Prices drop $50 on back of numbers, less competition
There were hopes a big rally in mutton prices last week would continue, but drops of up to $50 at Wagga Wagga proved sobering for the industry.
A monster yarding of nearly 70,000 sheep and lambs at Wagga Wagga, NSW, saw producers penalised as the surge of numbers shows no signs of slowing.
Producers flooded the sale with 49,000 lambs and 20,000 sheep on the back of much better prices last week, where mutton rates rose dramatically.
But all of the rise and more was lost after today’s sale, with National Livestock Reporting Service reporter Leann Dax quoting early sales of mutton were $30-$50 cheaper than last week, trading between 90-125c/kg.
This was around half the 200c/kg that many sheep made a week earlier.
In the past seven days, an extra 19,000 mutton sheep have been yarded at saleyards monitored by the NLRS, on the back of the big price spike at Wagga Wagga, NSW, last week.
But the much better market proved to be the exception rather than the rule, with the national mutton indicator’s brief spike now in free fall.
The national mutton indicator had slipped to 121c/kg carcass weight before Wagga Wagga’s prices were included in the rolling seven-day average, losing 50c/kg in just a week.
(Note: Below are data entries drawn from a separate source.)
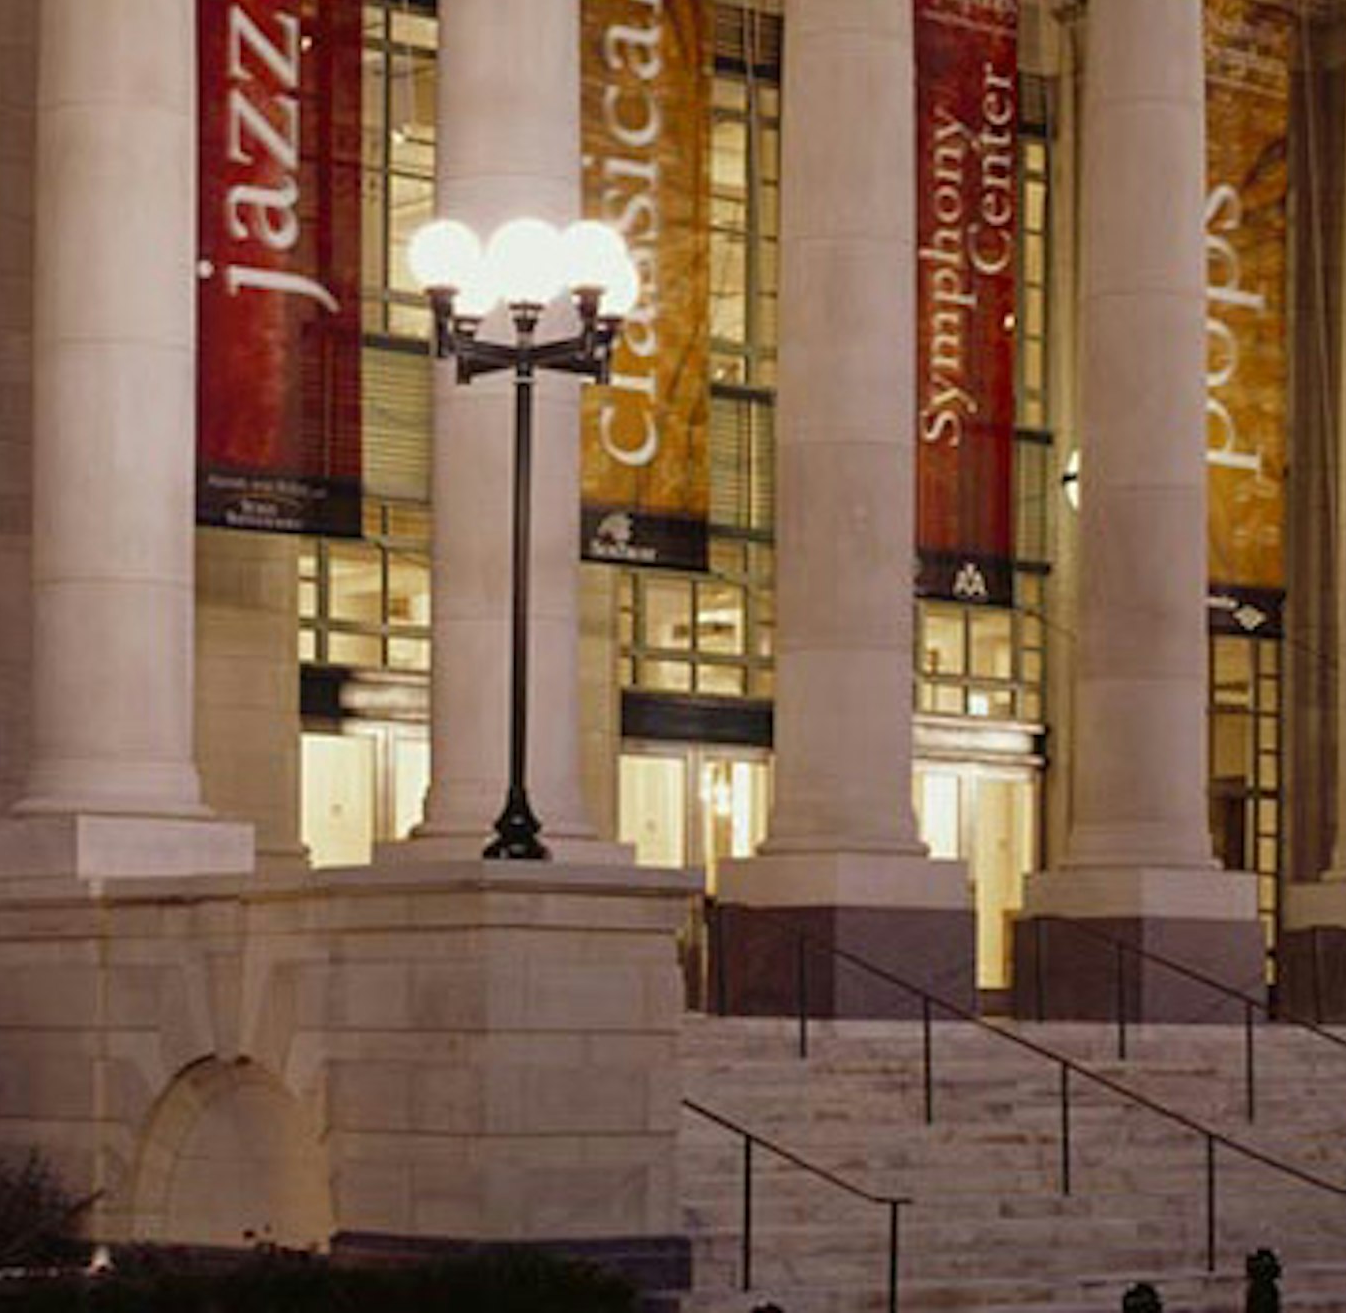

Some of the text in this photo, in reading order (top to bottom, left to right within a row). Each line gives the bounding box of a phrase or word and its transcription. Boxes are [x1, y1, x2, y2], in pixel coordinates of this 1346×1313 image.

[199, 4, 340, 314] jazz
[919, 106, 977, 447] Symphony
[967, 62, 1014, 276] Center
[1206, 185, 1266, 469] pops
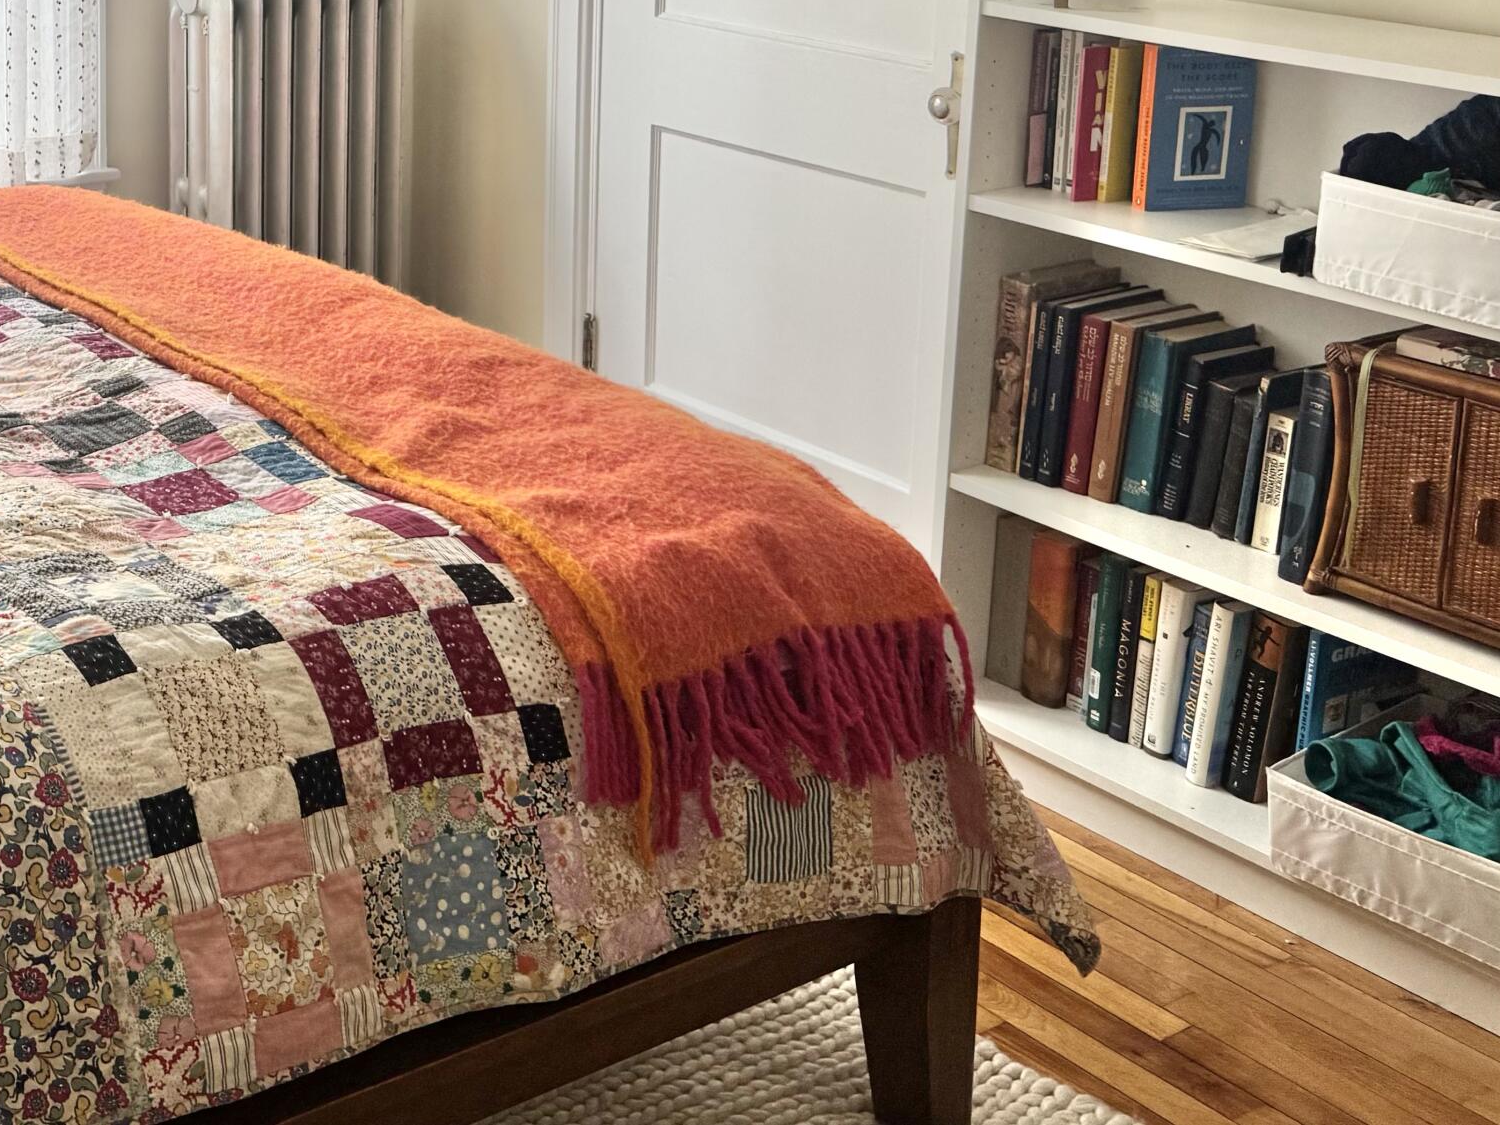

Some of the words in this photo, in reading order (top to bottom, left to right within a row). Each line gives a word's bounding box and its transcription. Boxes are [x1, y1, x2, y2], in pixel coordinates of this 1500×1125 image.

[1213, 613, 1222, 634] ARI
[1114, 619, 1131, 699] MAGONIA
[1205, 634, 1219, 677] SHAVIT
[1246, 669, 1254, 691] FAR
[1240, 690, 1250, 720] FROM
[1251, 675, 1265, 724] ANDREW
[1235, 720, 1244, 741] THE
[1230, 742, 1240, 769] TREE
[1241, 723, 1256, 777] SOLOMON
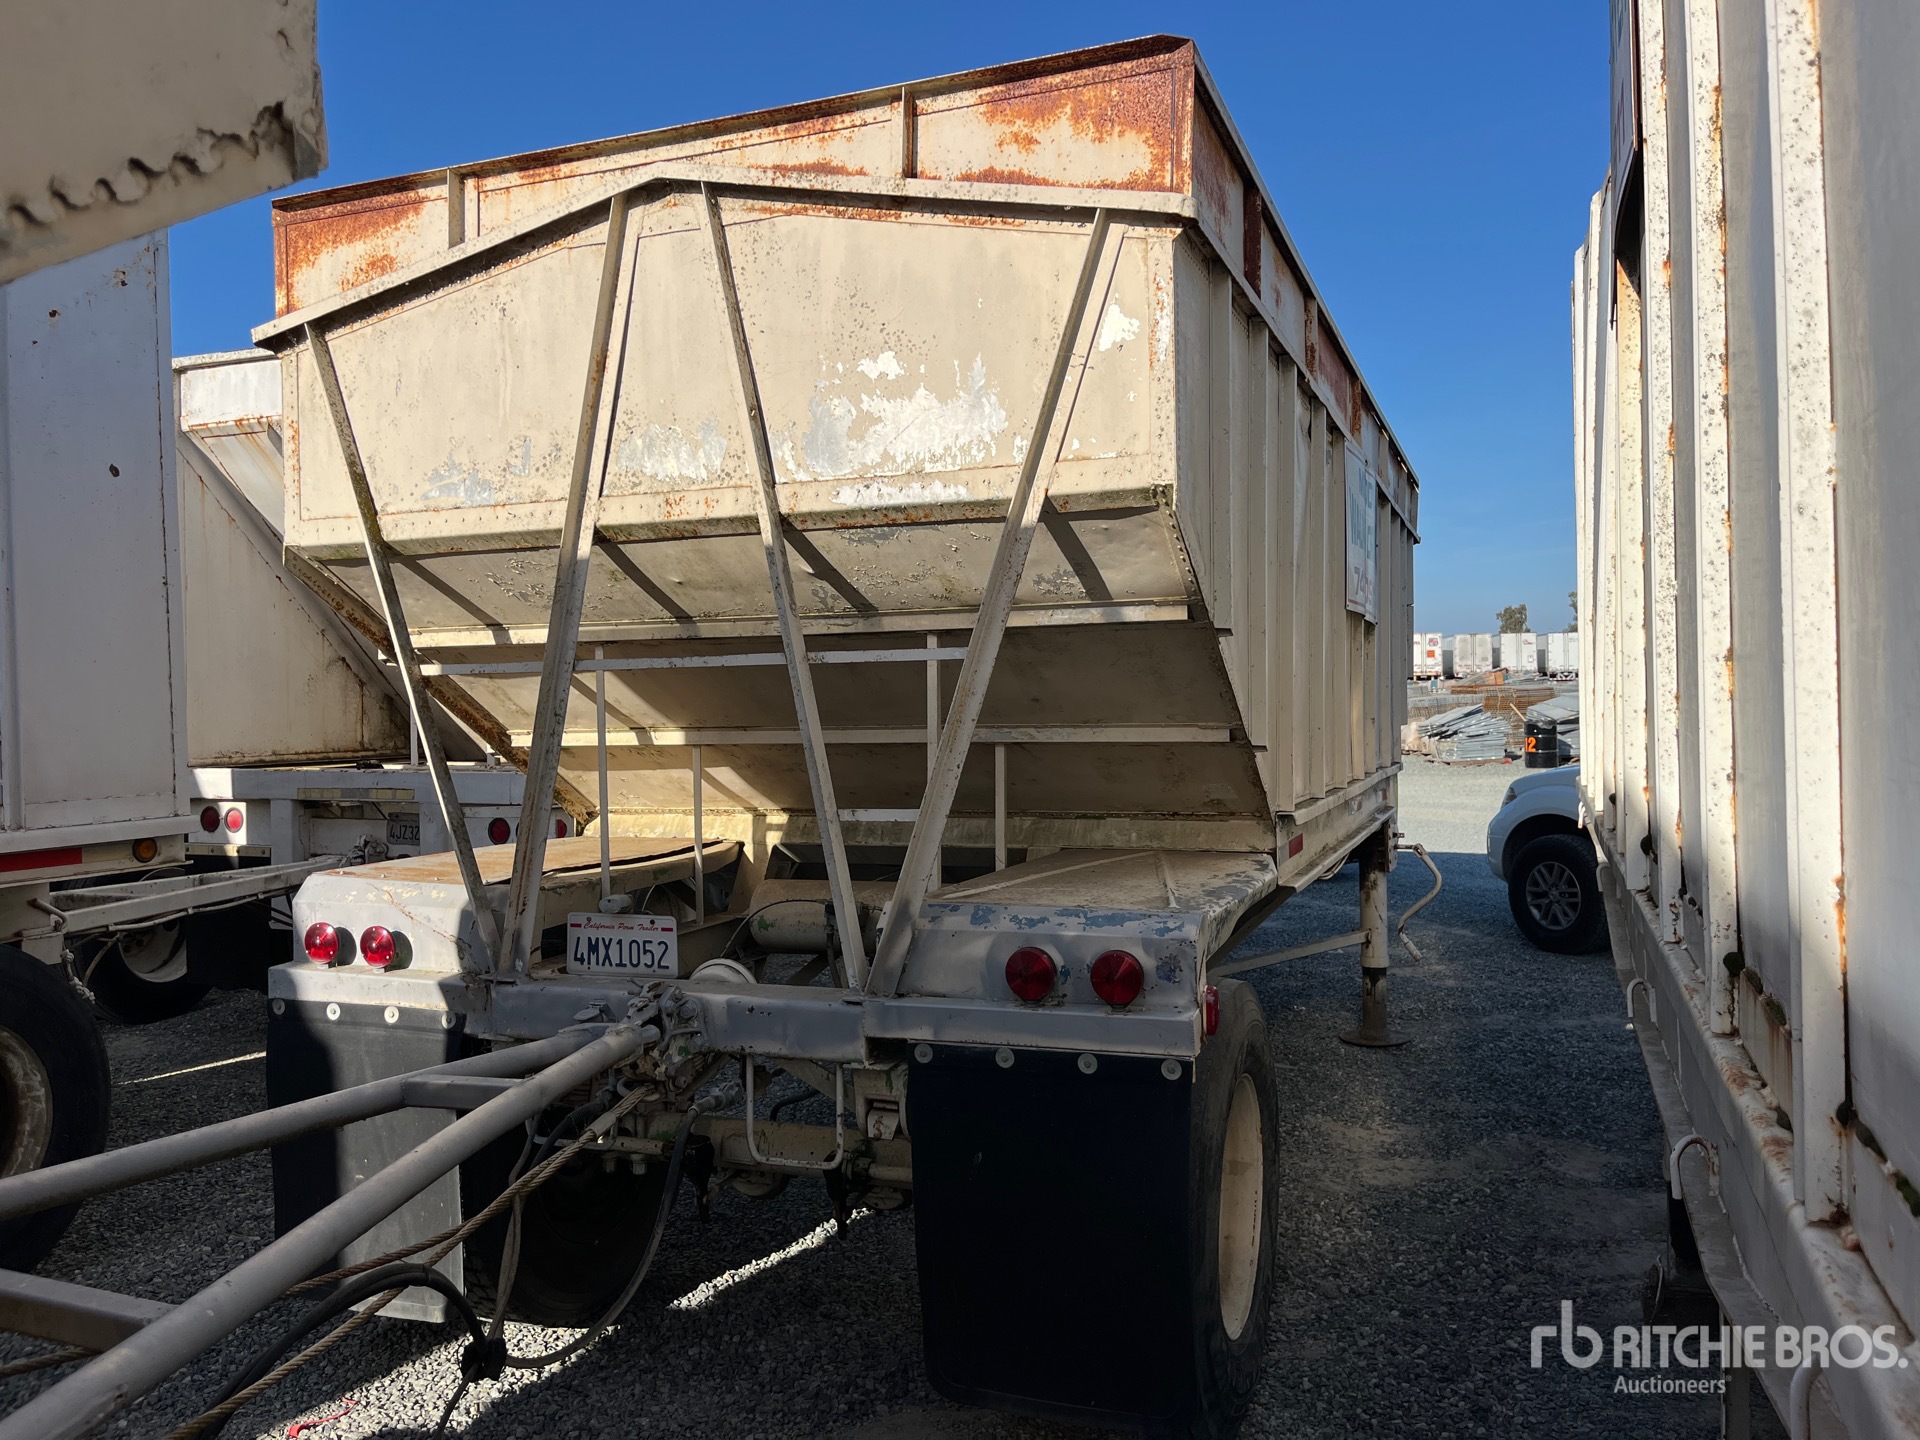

Wagga Wagga also had a big yarding of nearly 50,000 lambs today and trade prices were firm to a few dollars easier, with new season lambs averaging about 480c/kg. The best heavy lambs over 30kg made $179.40
Old trade lambs were quoted as $7-$10 cheaper, with trade weights selling from $50-$117, while heavier old lamb prices were solid. But the extra heavy lambs, more than 30kg, lost $15 in a sharp fall in rates.
Today’s market was one of the biggest for the year at the centre, which is the biggest sheep saleyards in Australia according to a report commissioned by the National Livestock Reporting Service.
In November last year, about 80,000 sheep and lambs were sold in a record yarding.